= Abderus =

Son of the god Hermes

In Greek mythology, Abderus or Abderos (Ἄβδηρος) was a divine hero, reputed by some to be one of Heracles' lovers (eromenoi), and reputedly a son of Hermes by some accounts, and eponym of Abdera, Thrace.

== Family ==
Apollodorus say he was the son of the god Hermes and a native of Opus in Locris. Pindar makes Abderus a son of Poseidon and Thronia, while Photius writes that he was brother of Patroclus, and according to Hellanicus (who considers him the son of Hermes), he was Heracles' lover.

== Mythology ==
Abderus was mostly known for his tragic role in Heracles' Eighth Labor. Along with others, he helped Heracles capture the four savage mares of Diomedes the king of the Thracian Bistones. Heracles overpowered the grooms and drove the Mares of Diomedes into the sea and left them in the care of Abderus. However, while Heracles was away the horses killed Abderus, either by dragging him behind them after he lost control of them, or by devouring him.

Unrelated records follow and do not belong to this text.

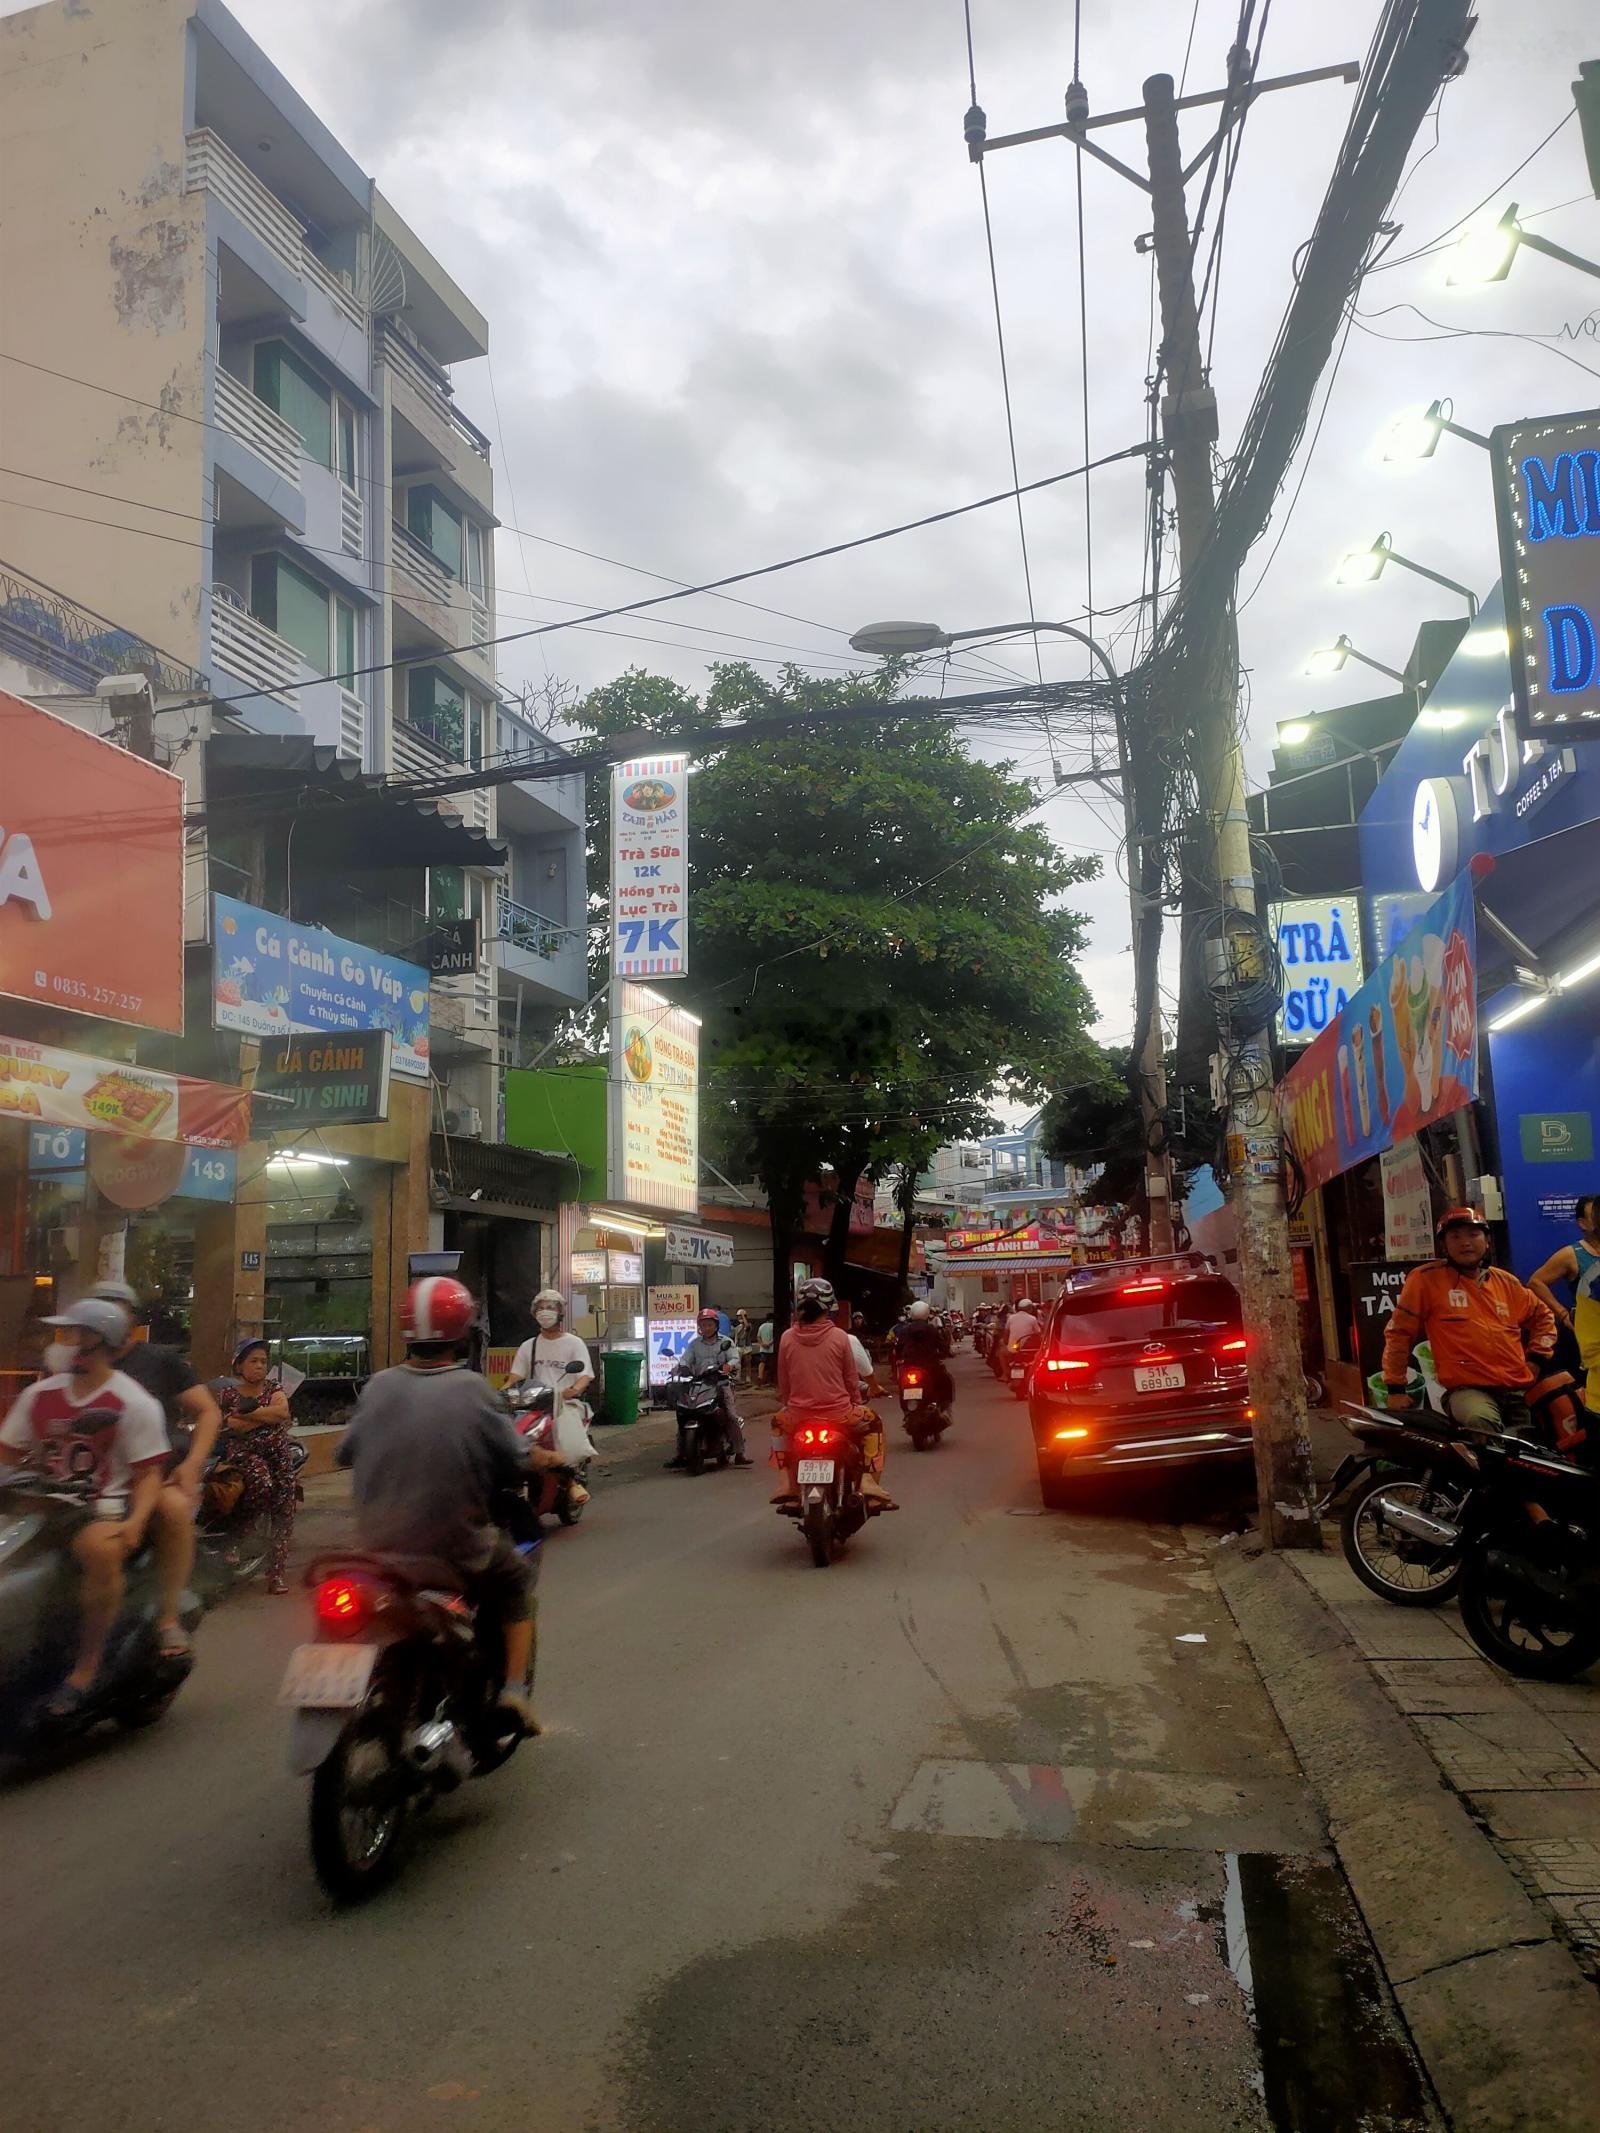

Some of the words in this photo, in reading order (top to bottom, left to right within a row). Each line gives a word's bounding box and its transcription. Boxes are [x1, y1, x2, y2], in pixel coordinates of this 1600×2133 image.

[1516, 781, 1541, 817] COFFEE
[1542, 774, 1548, 790] &
[1548, 759, 1563, 782] TEA
[619, 848, 645, 861] Trà
[650, 845, 680, 859] Sữa
[634, 864, 661, 878] 12K
[619, 885, 655, 898] Hồng
[659, 883, 680, 895] Trà
[620, 904, 648, 917] Lục
[652, 900, 678, 913] Trà
[618, 918, 681, 954] 7K
[1281, 908, 1350, 964] TRÀ
[255, 928, 280, 959] Cá
[287, 938, 335, 976] Cảnh
[340, 957, 365, 986] Gò
[369, 965, 403, 1004] Vấp
[53, 975, 142, 1012] 0835.257.257
[300, 983, 333, 1004] Chuyên
[334, 991, 345, 1005] Cá
[346, 996, 367, 1013] Cảnh
[309, 1005, 316, 1016] &
[340, 1012, 358, 1028] Sinh
[308, 1040, 364, 1072] CẢNH
[91, 1100, 119, 1115] 149K
[321, 1084, 369, 1108] SINH
[191, 1157, 226, 1181] 143
[690, 1237, 710, 1260] 7K
[996, 1241, 1021, 1252] ANH
[684, 1294, 695, 1313] 1
[1360, 1289, 1401, 1316] TÀ
[653, 1331, 695, 1355] 7K
[1147, 1366, 1169, 1378] 51K
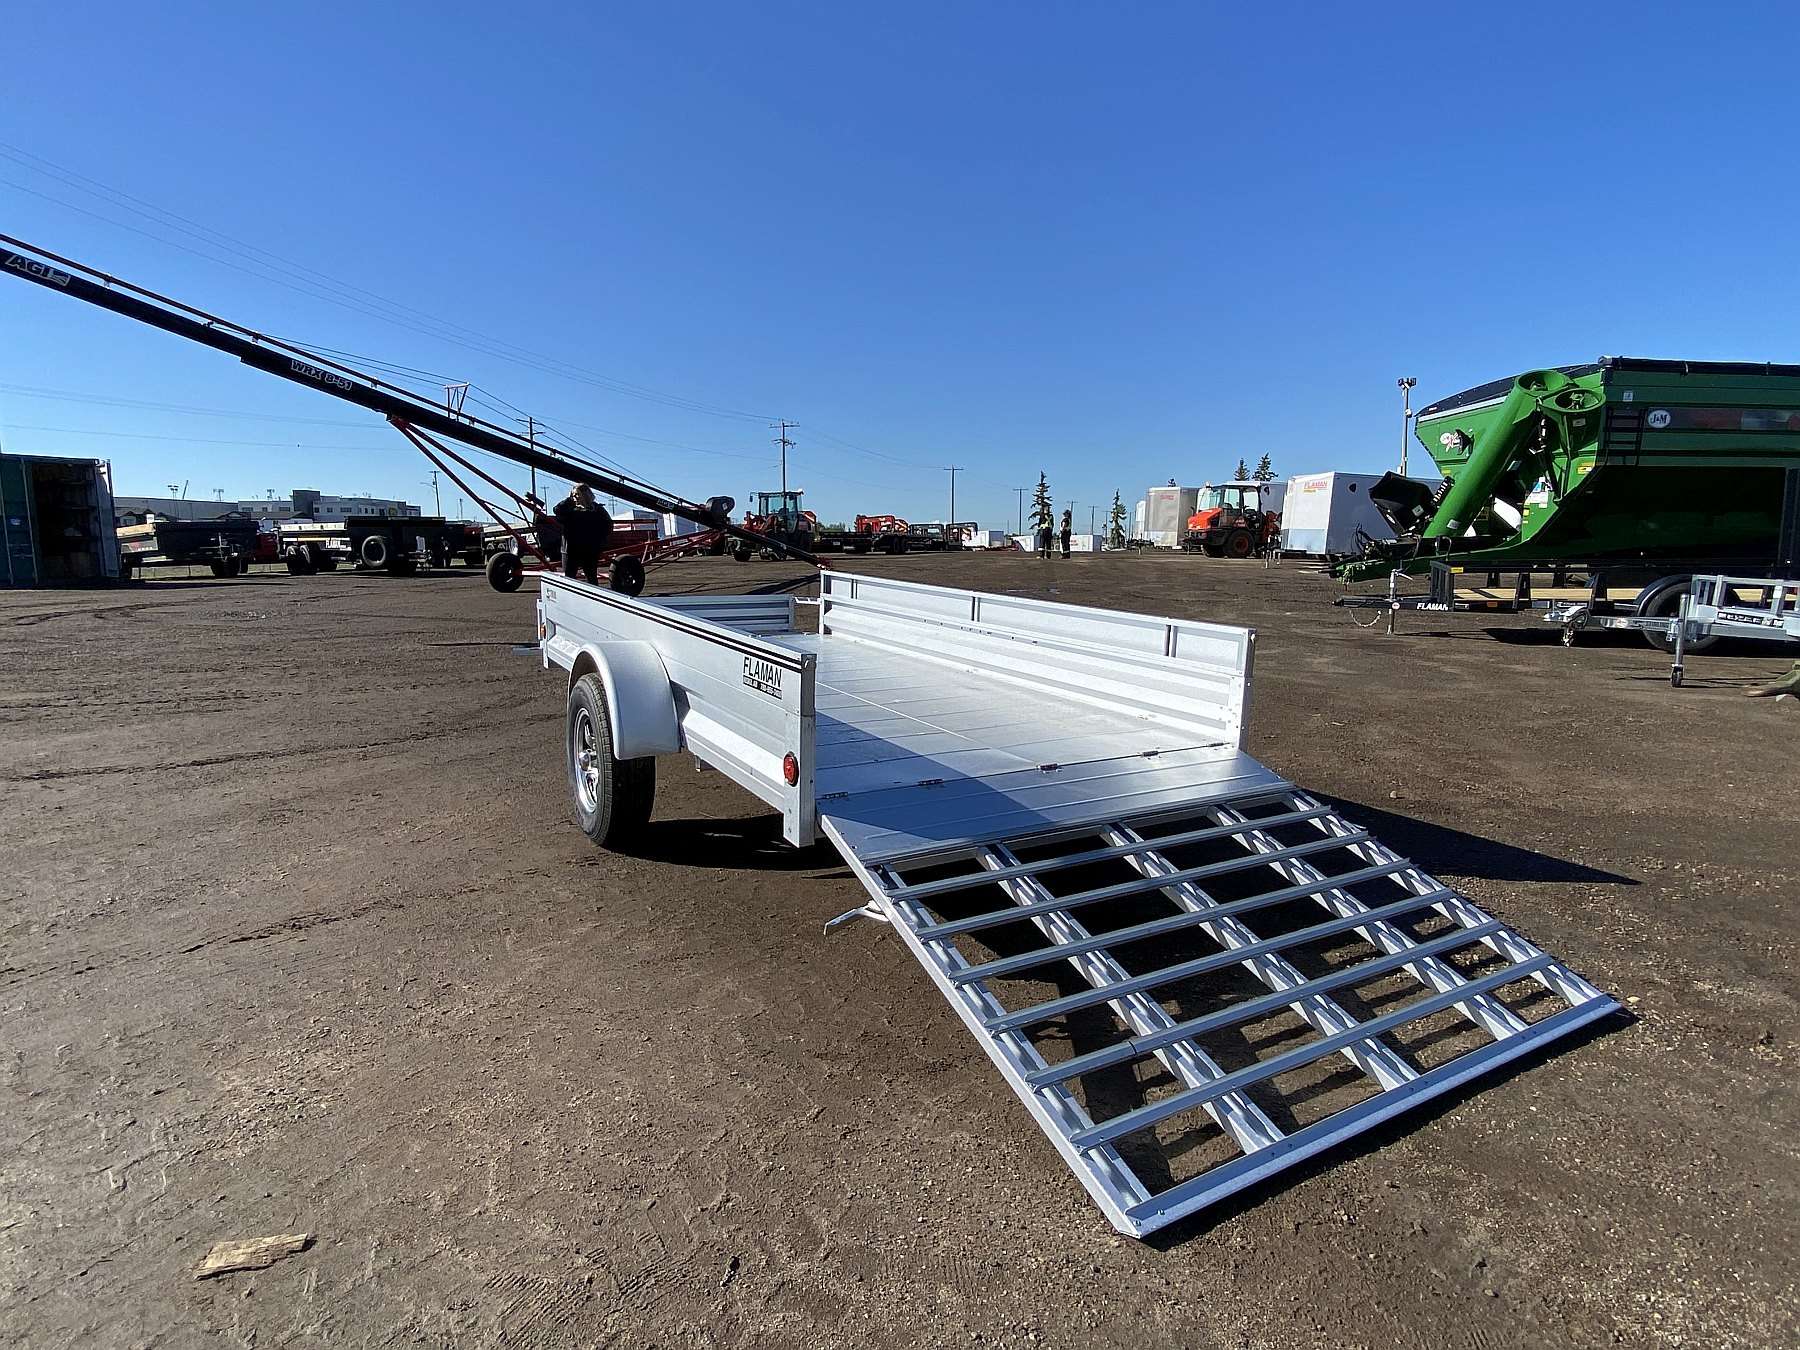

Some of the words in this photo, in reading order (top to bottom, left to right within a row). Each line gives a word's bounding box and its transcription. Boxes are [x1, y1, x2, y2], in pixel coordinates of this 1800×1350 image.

[5, 254, 54, 280] AGI
[1650, 413, 1668, 424] J&M
[1416, 602, 1449, 611] FLAMAN
[743, 656, 782, 688] FLAMAN

Heracles was heartbroken upon Abderus's death, weeping, hugging and wailing over what remained of his lover. Heracles buried Abderus in a ceremonial tomb, with a bowl containing a kalos inscription of affection. Heracles then founded the city of Abdera near Abderus's tomb, where agones (Greek: ἀγῶνες), athletic games consisting of boxing, pancratium and wrestling were held in his honor (but chariot races were banned in respect of how he died).

==Iconography==
Abderus' presence in surviving artistic sources is uncertain. In scenes where Heracles is present along with the horses and a figure on the ground or being consumed, there nothing that distinguishes the body as that of Abderus as opposed to that of the groom or Diomedes himself. His presence is likewise unclear on several intaglios from the 1st-2nd centuries BCE which probably show the labour. A man, presumed to be Diomedes, is lying in a manger, about to be devoured by the horses looming over him while a naked youth stands to the side. There is nothing that would positively identify the figure as Abderus, but he is the only youth associated with the story. Thus, if the scene is indeed that of Diomedes being eaten by the horses, Abderus is a likely candidate for the identity of the figure (the other possibility being the groom).